Ante el espejo

Gobierno abierto

El 24 de septiembre México asumió la presidencia de la Alianza para el Gobierno Abierto (AGA) en el marco de la gira que realizó el Presidente Enrique Peña Nieto por los Estados Unidos de América. El acto resulta en sí mismo novedoso pues motiva el dimensionamiento que la información, publicidad, responsabilidad, transparencia y rendición de cuentas tienen a nivel global, justo cuando venimos de reformar el andamiaje normativo que regula la protección y el ejercicio de estos derechos.
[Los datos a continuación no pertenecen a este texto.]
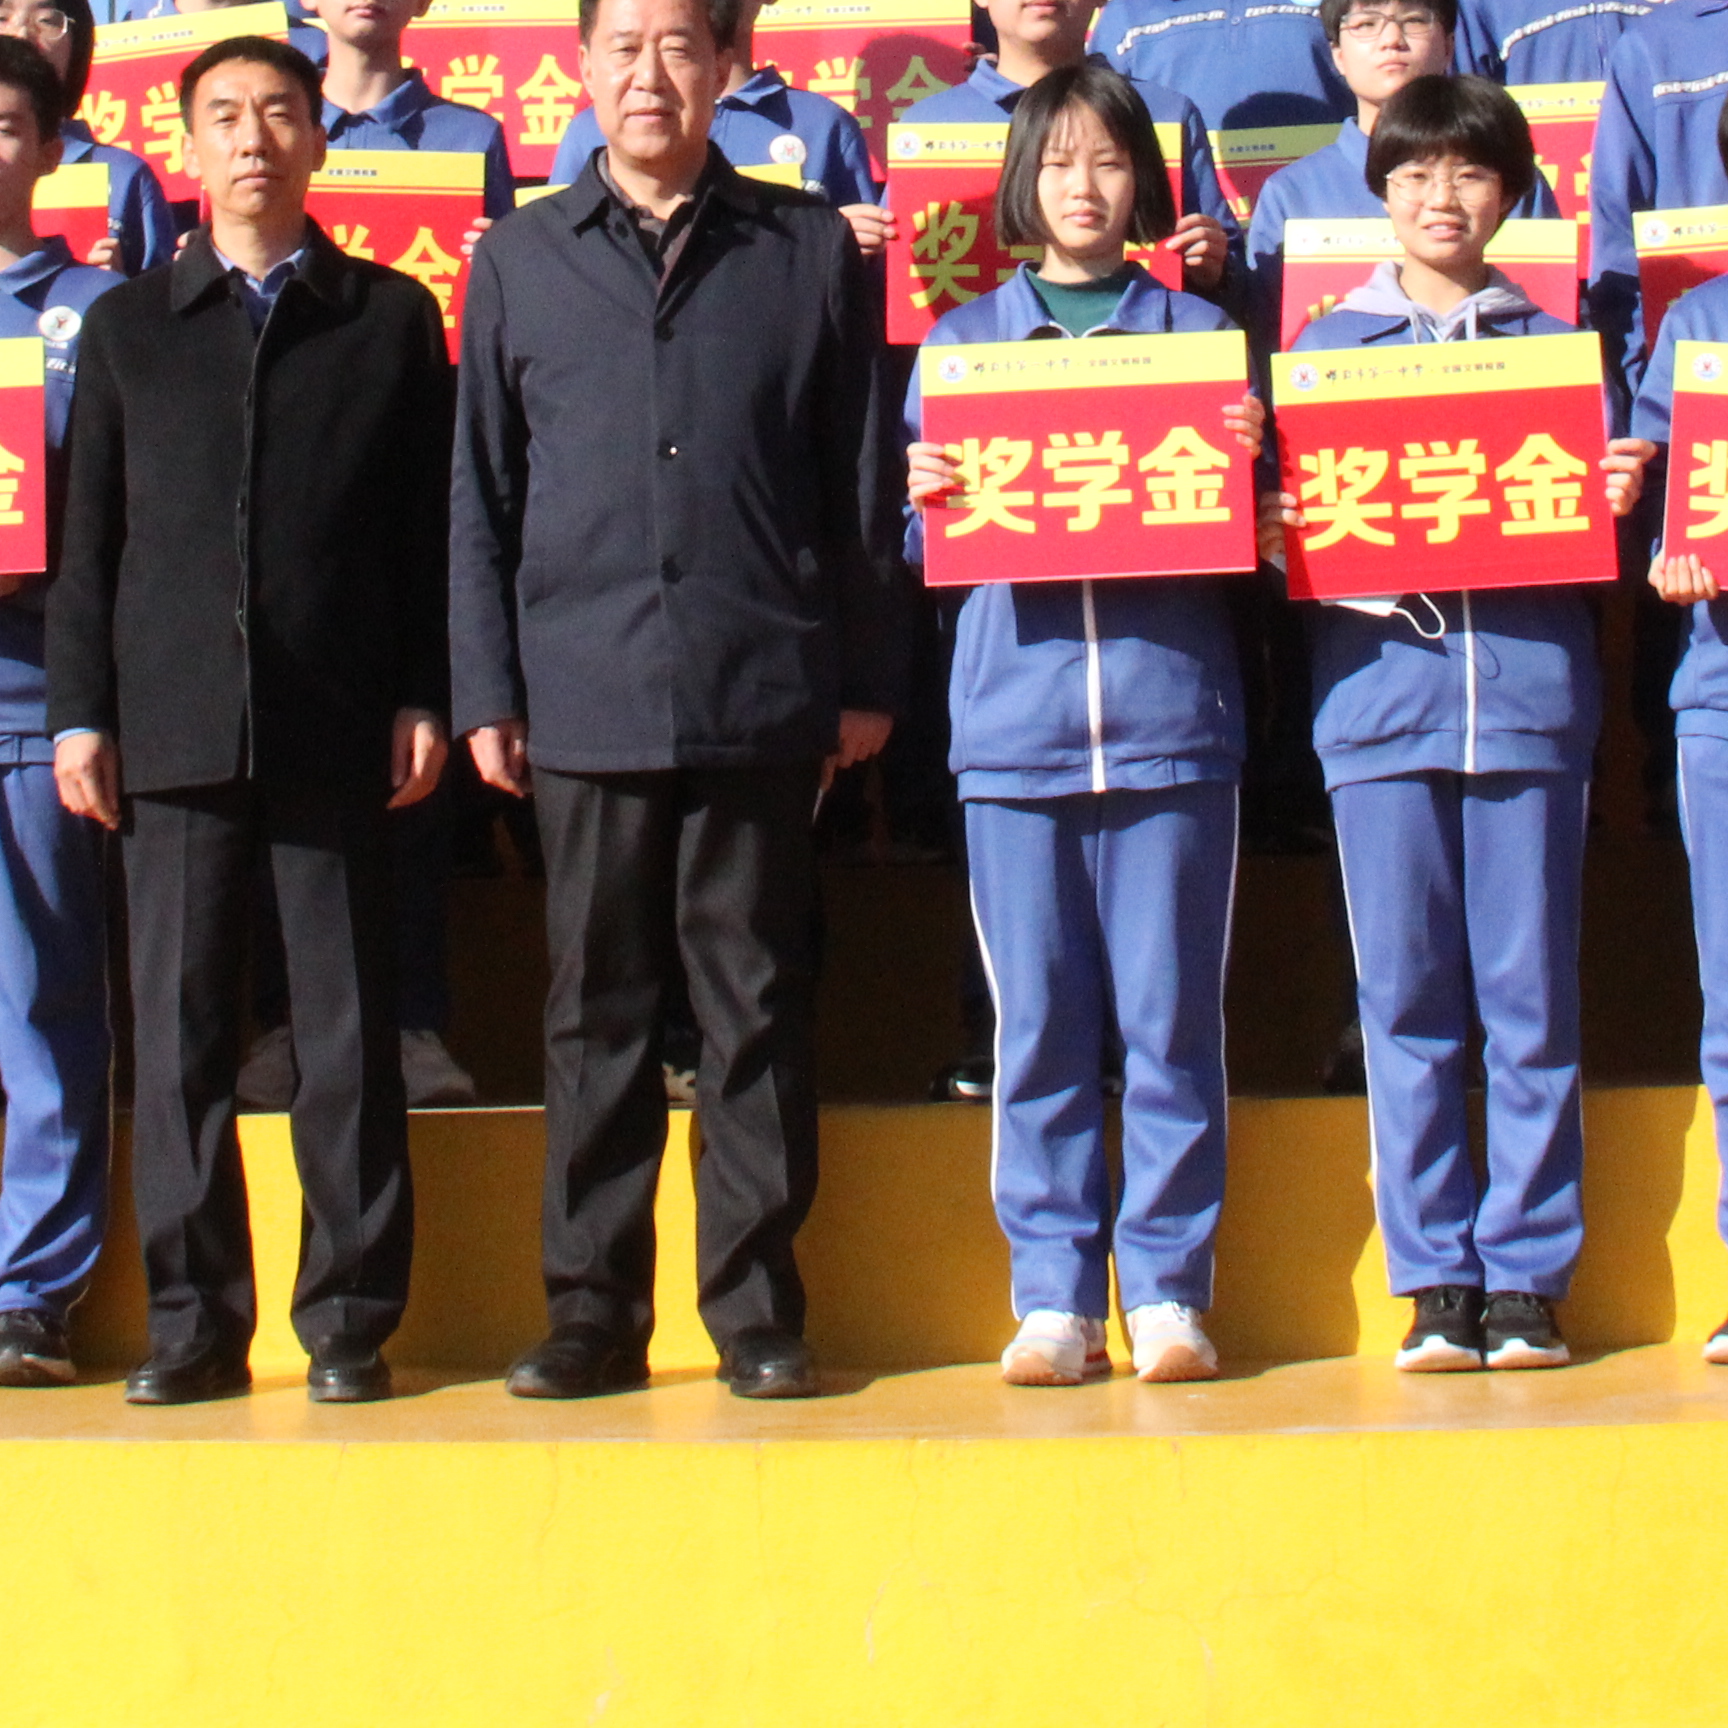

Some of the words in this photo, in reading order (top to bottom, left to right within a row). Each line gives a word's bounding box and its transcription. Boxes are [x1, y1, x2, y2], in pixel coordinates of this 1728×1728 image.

[943, 426, 1231, 538] 奖学金
[1299, 433, 1590, 551] 奖学金
Hasta ahora las bases de datos y las páginas de internet son los elementos más básicos de nuestra concepción de información pública. Precisamente en la esencia de los 26 compromisos incluidos en el plan de acción presentado por México se busca no solo hacer pública más información sobre procesos y servicios, sino facilitar su utilización estratégica de modo que produzca cambios concretos en la calidad de vida de los mexicanos y se convierta en un instrumento de mejoramiento de las condiciones de las personas.
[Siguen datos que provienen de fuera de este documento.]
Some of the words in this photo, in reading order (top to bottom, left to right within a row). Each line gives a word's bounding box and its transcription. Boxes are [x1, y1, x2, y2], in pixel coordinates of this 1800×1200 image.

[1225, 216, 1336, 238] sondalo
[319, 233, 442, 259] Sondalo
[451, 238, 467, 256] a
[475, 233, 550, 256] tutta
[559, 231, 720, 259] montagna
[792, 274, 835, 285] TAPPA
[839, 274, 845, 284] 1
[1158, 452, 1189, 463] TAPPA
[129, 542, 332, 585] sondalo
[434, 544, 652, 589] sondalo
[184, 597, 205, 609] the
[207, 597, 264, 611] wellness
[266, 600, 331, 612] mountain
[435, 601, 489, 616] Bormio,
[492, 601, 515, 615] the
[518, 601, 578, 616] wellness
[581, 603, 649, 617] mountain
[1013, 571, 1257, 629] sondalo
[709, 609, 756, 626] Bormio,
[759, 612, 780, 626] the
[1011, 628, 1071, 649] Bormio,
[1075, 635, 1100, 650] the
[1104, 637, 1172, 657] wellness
Es cierto que en los últimos años hubo resultados alentadores. En el Índice de Presupuesto Abierto 2012, México obtuvo una calificación de 61 de 100 puntos posibles, lo que significa que existe suficiente información publicada sobre las finanzas del gobierno federal. Aunque logramos avanzar nueve puntos respecto a 2011, todavía nos encontramos muy rezagados de los primeros lugares que son Nueva Zelanda, Sudáfrica y Reino Unido con 93, 90 y 88 puntos respectivamente, o Brasil, país latinoamericano mejor calificado, con 73.
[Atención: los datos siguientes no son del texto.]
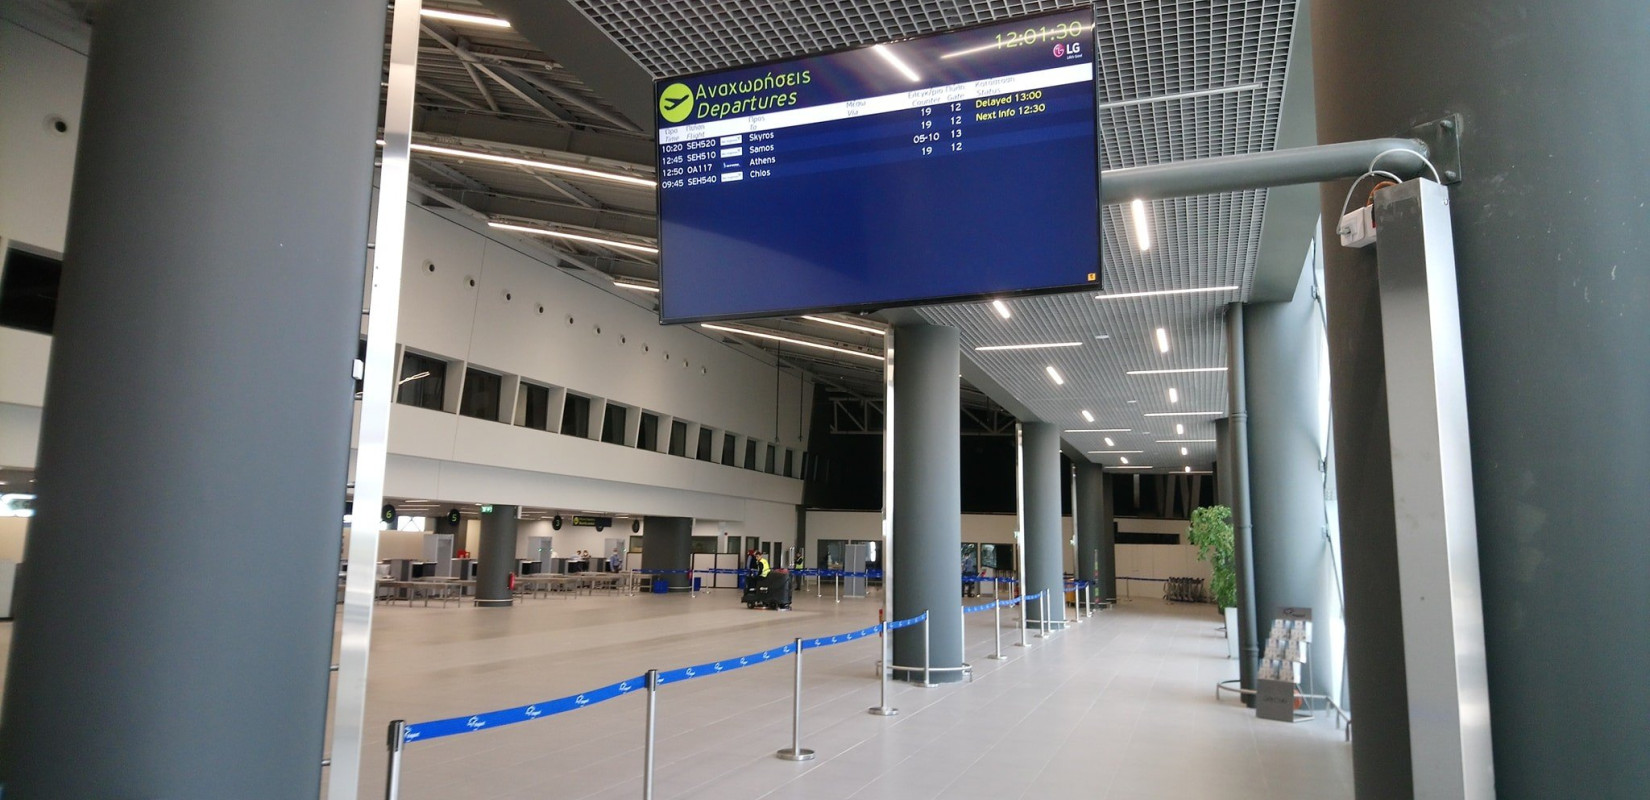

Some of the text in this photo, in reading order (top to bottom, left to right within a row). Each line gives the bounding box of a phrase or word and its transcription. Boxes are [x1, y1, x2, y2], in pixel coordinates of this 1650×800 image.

[995, 21, 1082, 49] 12:01:30
[1066, 42, 1081, 55] LG
[695, 70, 811, 100] Αναχωρήσεις
[686, 131, 705, 140] Flight
[912, 97, 941, 106] Counter
[947, 93, 965, 101] Gate
[976, 88, 1001, 97] Status
[697, 92, 798, 119] Departures
[662, 144, 683, 153] 10:20
[686, 139, 716, 150] SEH520
[749, 131, 774, 142] Skyros
[921, 107, 932, 117] 19
[950, 102, 961, 112] 12
[975, 94, 1012, 109] Delayed
[1015, 90, 1042, 102] 13:00
[662, 155, 683, 165] 12:45
[687, 151, 716, 162] SEH510
[749, 144, 774, 154] Samos
[921, 120, 932, 129] 19
[951, 116, 962, 125] 12
[975, 110, 997, 122] Next
[998, 107, 1015, 119] Info
[1019, 103, 1046, 115] 12:30
[662, 167, 684, 177] 12:50
[749, 156, 776, 166] Athens
[913, 132, 940, 144] 05-10
[951, 129, 962, 138] 13
[662, 179, 684, 189] 09:45
[687, 175, 717, 186] SEH540
[750, 169, 771, 178] Chios
[922, 146, 933, 156] 19
[951, 142, 962, 152] 12
[386, 510, 392, 519] 6
[452, 513, 457, 522] 5
Precisamente, entre los compromisos pactados por México al asumir la presidencia de la AGA se encuentra aumentar la integridad pública, lo que implica profundizar la información socialmente útil y el combate a la corrupción. Sobre esta última, la Segunda Encuesta Nacional de Calidad e Impacto Gubernamental (ENCIG) 2013 del INEGI, la ubicó en el tercer lugar de los problemas que preocupan más a los mexicanos con 48.5%, detrás de la inseguridad y delincuencia que alcanzó 70.4% y el desempleo que registró 51%. Según la ENCIG, la tasa de prevalencia de la corrupción, es decir, la proporción de la población que tuvo contacto con un servidor público y vivió una experiencia de corrupción fue de 12.1%, mientras que la incidencia por cada 100 mil habitantes fue de 24,724.

No obstante, para potenciar el derecho de acceso a la información hace falta más que una sociedad participativa, se requiere también el compromiso de los órganos que salvaguardan su ejercicio. En este particular, nuestra entidad no se encuentra bien calificada. Según el Índice Nacional de los Órganos Garantes del Derecho de Acceso a la Información 2013, el Estado de México se ubicó en el lugar 30, con una calificación de tan solo 39.2%, por debajo del promedio general de 53.6%.

Los dos años que México permanecerá en la presidencia de la AGA deberán propiciar la consolidación del sistema nacional de transparencia e impulsar iniciativas de Poderes legislativos y judiciales abiertos.